Dejen de dañar sus calentadores: por qué el estándar IP65 es importante
La verdad sobre los calentadores infrarrojos industriales es que la mayoría de ellos se dañan debido a la acumulación de polvo. Suena simple, pero el polvo, la humedad y el aceite se acumulan en la carcasa de cuarzo del calentador. Una vez que eso ocurre, aparecen puntos calientes que pueden dañar el calentador y detener la producción.
Nos cansamos de ver esto ocurrir, así que diseñamos elementos de reemplazo que cumplen con los estándares IP65. En resumen, decidimos evitar que los problemas ocurran desde el principio.
¿Qué significa realmente “IP65”?
Olvídense del manual técnico por un momento. En lenguaje sencillo, significa que el calentador es a prueba de polvo y puede resistir chorros de agua provenientes de cualquier dirección. Para lograr esto, utilizamos juntas especiales y conexiones selladas para los cables. Pero en un taller, ser “a prueba de salpicaduras” no solo significa protegerse del agua, sino también del vaho generado por los refrigerantes y de las partículas de polvo en el aire. Al mantener las partes internas del calentador secas y limpias, no hay riesgo de cortocircuitos ni de daños eléctricos.
La lucha contra la niebla
La condensación es un peligro silencioso. Piensen en lo que sucede cuando un calentador de alta potencia se apaga: su superficie se enfría, y la humedad del aire se adhiere a ella. Luego, cuando el calentador se enciende nuevamente, esa humedad se convierte instantáneamente en vapor, lo que genera una gran presión sobre los sellos del calentador o hace que la lente se vuelva opaca.
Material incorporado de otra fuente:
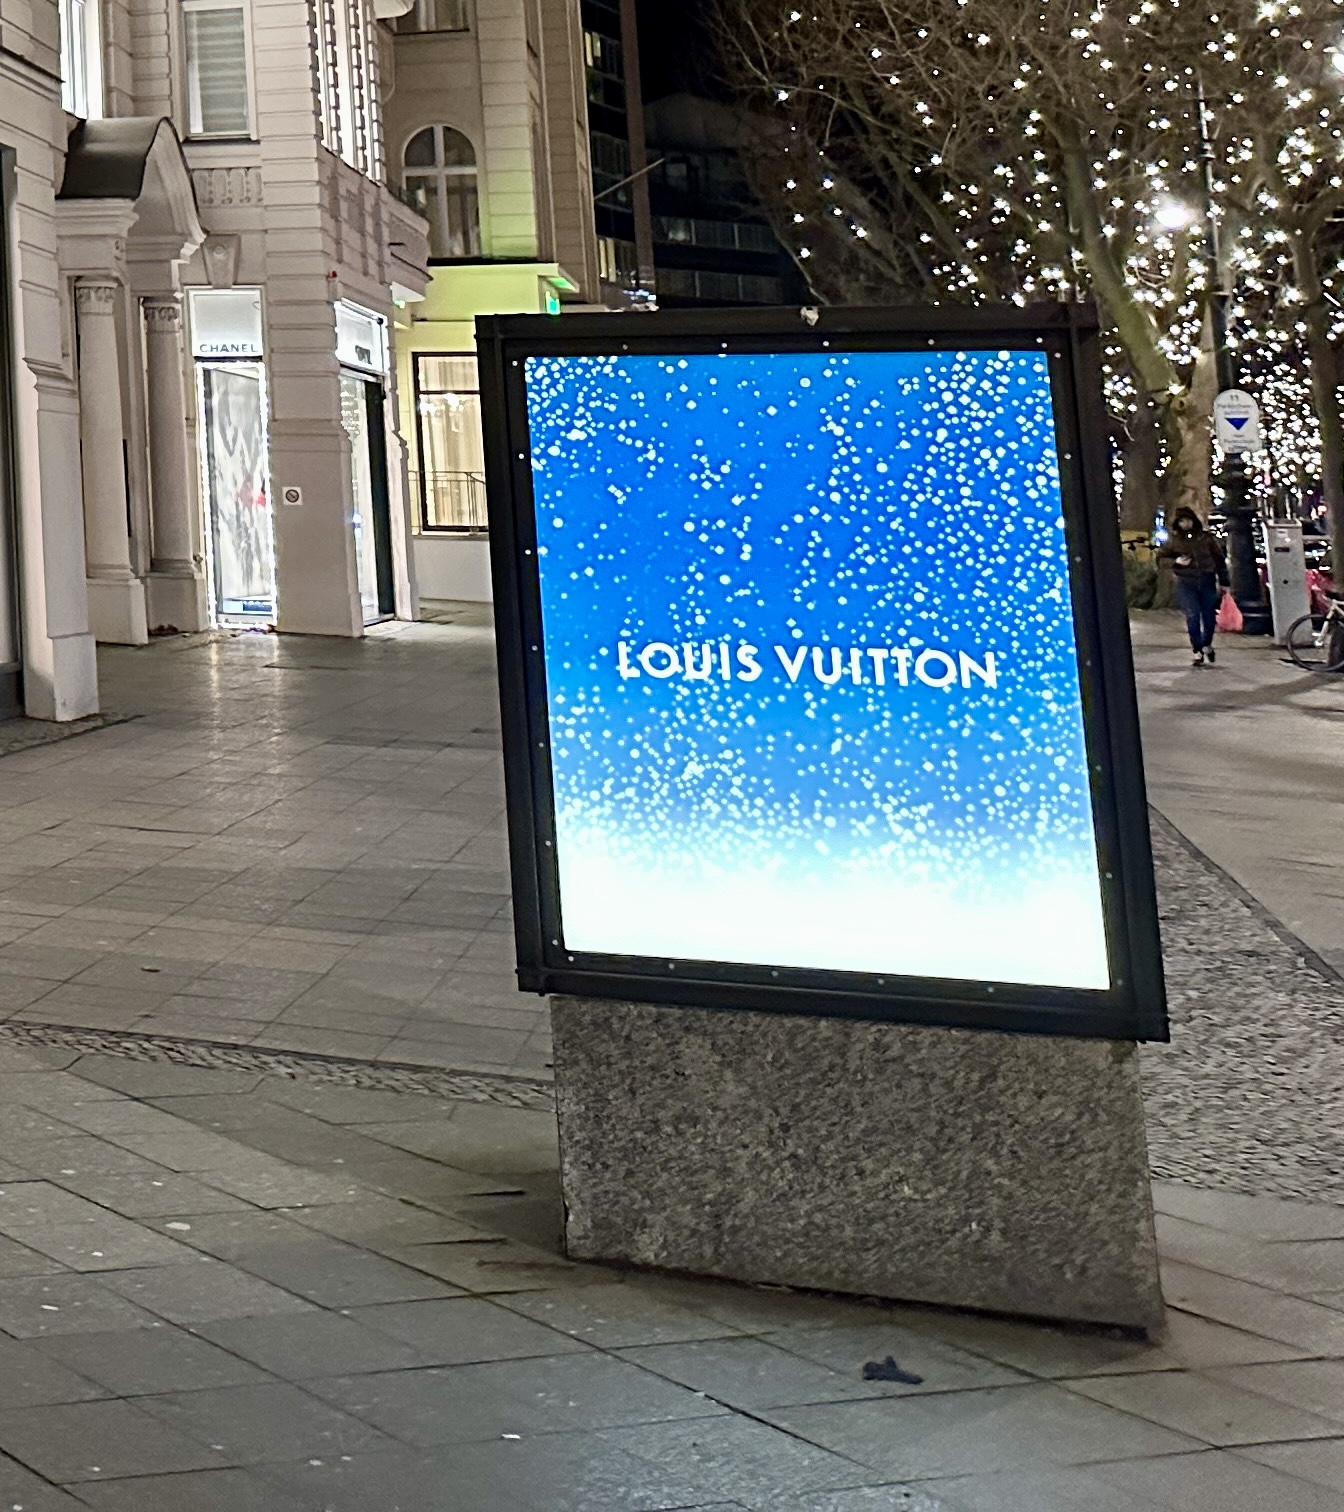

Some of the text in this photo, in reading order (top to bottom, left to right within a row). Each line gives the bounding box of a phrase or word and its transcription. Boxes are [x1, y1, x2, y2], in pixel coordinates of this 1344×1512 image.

[199, 343, 259, 353] CHANEL
[617, 641, 998, 689] LOUIS VUITTON
Nuestro diseño anti-niebla mantiene todo bajo control. Evita que el punto de rocío llegue a las superficies ópticas críticas. El resultado: la radiación infrarroja llega al objetivo exactamente como debería, sin ser dispersada por la niebla.
Una cosa a tener en cuenta…
Hay un compromiso que hay que tomar. Al sellar tan bien el calentador, en realidad se añade una capa de aislamiento. Como no se trata de un modelo de estructura abierta, más calor queda atrapado dentro del recinto. No se debe colocar el calentador en un espacio sin ventilación, ya que eso podría dañar los cables. Asegúrese de que los soportes y el flujo de aire permitan que ese calor se disipe. De esa manera, los elementos del calentador podrán funcionar incluso en los lugares más húmedos y polvorientos del taller, sin perder eficiencia.